• **Task goal**: Please copy the data shown below, word for word.

• **Dataset records**:
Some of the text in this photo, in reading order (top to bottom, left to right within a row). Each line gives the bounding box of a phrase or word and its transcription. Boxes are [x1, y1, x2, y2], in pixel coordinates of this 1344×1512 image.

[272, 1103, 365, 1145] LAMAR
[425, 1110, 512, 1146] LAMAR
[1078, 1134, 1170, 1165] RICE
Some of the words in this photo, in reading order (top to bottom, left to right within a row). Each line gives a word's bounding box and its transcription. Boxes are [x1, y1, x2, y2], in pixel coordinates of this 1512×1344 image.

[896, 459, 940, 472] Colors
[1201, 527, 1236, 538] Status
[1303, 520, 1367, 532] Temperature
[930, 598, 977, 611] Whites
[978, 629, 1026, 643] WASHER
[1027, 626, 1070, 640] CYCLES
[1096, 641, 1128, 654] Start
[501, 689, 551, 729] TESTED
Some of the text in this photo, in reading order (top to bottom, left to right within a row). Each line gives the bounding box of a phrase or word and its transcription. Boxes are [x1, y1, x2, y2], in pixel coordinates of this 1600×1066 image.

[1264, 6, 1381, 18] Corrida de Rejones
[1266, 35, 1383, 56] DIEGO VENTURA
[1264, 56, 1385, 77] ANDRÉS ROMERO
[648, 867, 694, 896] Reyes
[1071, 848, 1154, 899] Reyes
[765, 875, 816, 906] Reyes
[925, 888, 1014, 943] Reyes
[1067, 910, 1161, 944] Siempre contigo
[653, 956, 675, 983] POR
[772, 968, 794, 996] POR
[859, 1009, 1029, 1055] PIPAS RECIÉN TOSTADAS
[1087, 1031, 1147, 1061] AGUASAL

• **Answer to this problem**:
Some of the text in this photo, in reading order (top to bottom, left to right within a row). Each line gives the bounding box of a phrase or word and its transcription. Boxes are [x1, y1, x2, y2], in pixel coordinates of this 1344×1512 image.

[272, 1103, 365, 1145] LAMAR
[425, 1110, 512, 1146] LAMAR
[1078, 1134, 1170, 1165] RICE
Some of the words in this photo, in reading order (top to bottom, left to right within a row). Each line gives a word's bounding box and its transcription. Boxes are [x1, y1, x2, y2], in pixel coordinates of this 1512×1344 image.

[896, 459, 940, 472] Colors
[1201, 527, 1236, 538] Status
[1303, 520, 1367, 532] Temperature
[930, 598, 977, 611] Whites
[978, 629, 1026, 643] WASHER
[1027, 626, 1070, 640] CYCLES
[1096, 641, 1128, 654] Start
[501, 689, 551, 729] TESTED
Some of the text in this photo, in reading order (top to bottom, left to right within a row). Each line gives the bounding box of a phrase or word and its transcription. Boxes are [x1, y1, x2, y2], in pixel coordinates of this 1600×1066 image.

[1264, 6, 1381, 18] Corrida de Rejones
[1266, 35, 1383, 56] DIEGO VENTURA
[1264, 56, 1385, 77] ANDRÉS ROMERO
[648, 867, 694, 896] Reyes
[1071, 848, 1154, 899] Reyes
[765, 875, 816, 906] Reyes
[925, 888, 1014, 943] Reyes
[1067, 910, 1161, 944] Siempre contigo
[653, 956, 675, 983] POR
[772, 968, 794, 996] POR
[859, 1009, 1029, 1055] PIPAS RECIÉN TOSTADAS
[1087, 1031, 1147, 1061] AGUASAL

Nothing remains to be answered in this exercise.